In a rematch of their US Open clash, defending champion Naomi Osaka takes on 15-year-old phenomenon Coco Gauff in the third round of the Australian Open.
Osaka vs Gauff is live from Melbourne on Friday 24 January at 7pm local/8am GMT
The clash between Osaka and Gauff at the US Open in August was much-anticipated, with Osaka the defending champion a year after announcing herself as a major new star by dethroning Serena Williams in the final and 15-year-old Gauff having become a global media sensation after qualifying for the main draw at Wimbledon, beating Venus Williams at it and reaching the last 16 before losing to Simona Halep.
The actual match did not deliver the fireworks which were hoped for, with Osaka winning 6-3, 6-0 as she delivered a confident, aggressive and accurate performance, and Gauff struggling with her nerves on the Arthur Ashe Stadium. But the aftermath quickly went viral as Osaka invited Gauff, someone with whom she had shared practice courts as an unknown, to share her post-match interview and consoled the crying teenager in a display of sportsmanship.
There’s sure to be as much respect when they take to Rod Laver Arena on Friday – but hopefully the actual tennis might be a little more competitive.
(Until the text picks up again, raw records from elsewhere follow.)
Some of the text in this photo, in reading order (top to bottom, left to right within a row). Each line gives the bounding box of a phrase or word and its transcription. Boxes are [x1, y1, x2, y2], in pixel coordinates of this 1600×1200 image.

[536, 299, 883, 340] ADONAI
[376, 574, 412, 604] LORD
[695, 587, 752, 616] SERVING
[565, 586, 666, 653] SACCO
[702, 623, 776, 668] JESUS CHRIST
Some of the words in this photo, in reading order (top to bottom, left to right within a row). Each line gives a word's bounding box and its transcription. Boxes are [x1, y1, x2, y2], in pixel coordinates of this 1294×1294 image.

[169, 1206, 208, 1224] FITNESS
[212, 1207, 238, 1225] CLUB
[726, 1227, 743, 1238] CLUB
Osaka, once again, will be there in her capacity as defending champion, although not as the top seed this time. Seeded third at the Australian Open, Osaka warmed up with a semifinal run at the Brisbane International, battling through three-set duels against Maria Sakkari, Sofia Kenin and Kiki Bertens before losing to Karolina Pliskova. So far in Melbourne however Osaka has avoided being dragged to three sets, although it has been a close-run thing: Both Marie Bouzkova in the first round and Zheng Saisai in the second led the second set 4-2 before Osaka came back to win those matches by identical scorelines, 6-2, 6-4.
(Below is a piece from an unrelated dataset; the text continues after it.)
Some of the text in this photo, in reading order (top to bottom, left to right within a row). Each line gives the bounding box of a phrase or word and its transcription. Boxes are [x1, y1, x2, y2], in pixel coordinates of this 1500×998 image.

Osaka might not be able to get away with allowing her level to drop after the second set and thus giving her opponent an opportunity to get into the match when she faces Gauff, who has a more formidable game than either Bouzkova or Zheng, despite the latter currently playing some of the best tennis of her career and winning the Premier-level Mubadala Silicon Valley Classic last August.
But Osaka has generally made a more confident start to her second title defense at a Grand Slam than she did at the US Open.
‘I think I got that all out after my experience at the US Open. I just think of it as a new tournament. The only thing that may have changed is that people might want to beat me more. I didn’t deal with that well after this tournament last year, I’ll tell you.
‘Now I think of it as a nice challenge. Someone wanting to play their best against me is something I have to feel fortunate about, because it’s how I get better.’
Osaka is not the only one who has more experience and is approaching things more confidently. After Osaka stopped her US Open run, Gauff – who is limited in how many events she can play because of her age – only played two more tournaments in 2019, but managed to put together another sensational run at one of them, winning the maiden title of her career at the Upper Austria Ladies Linz with wins over Kiki Bertens, Andrea Petkovic and Jelena Ostapenko.
Currently ranked world no. 67, just one place off a career high hit in January, Gauff started her season by playing the ASB Classic in Auckland where she beat Viktoria Kuzmova before losing in three sets to the crafty Laura Siegemund. Facing Venus Williams in the first round as another déjà vu, Gauff won again 7-6(5), 6-3 before coming back from a set down against Sorana Cirstea to win 4-6, 6-3, 7- and set up the clash with Osaka – a clash in which she has vowed to be more aggressive.
‘I think I’ll be less nervous this time. At the US Open I was nervous. It was my first time on Ashe.
‘For sure I’ll be more confident because I’ve felt her ball before. We’re both familiar with each other’s games. She plays really aggressive. This time coming in I’m going to be more aggressive.’
It will be an interesting clash. Gauff certainly can acquit herself much better than she did at the US Open; she’s got a big serve, plenty of power off the ground and athleticism too, along with a nice line in variety and point construction. Osaka is the more outright power player, but any nerves on her part or any tentativeness will be promptly punished by Gauff. The teenager is very impressive, but Osaka, as the more polished product, should be able to deliver an accurate and confident performance to win, perhaps in two tight sets, and reach the fourth round in Melbourne.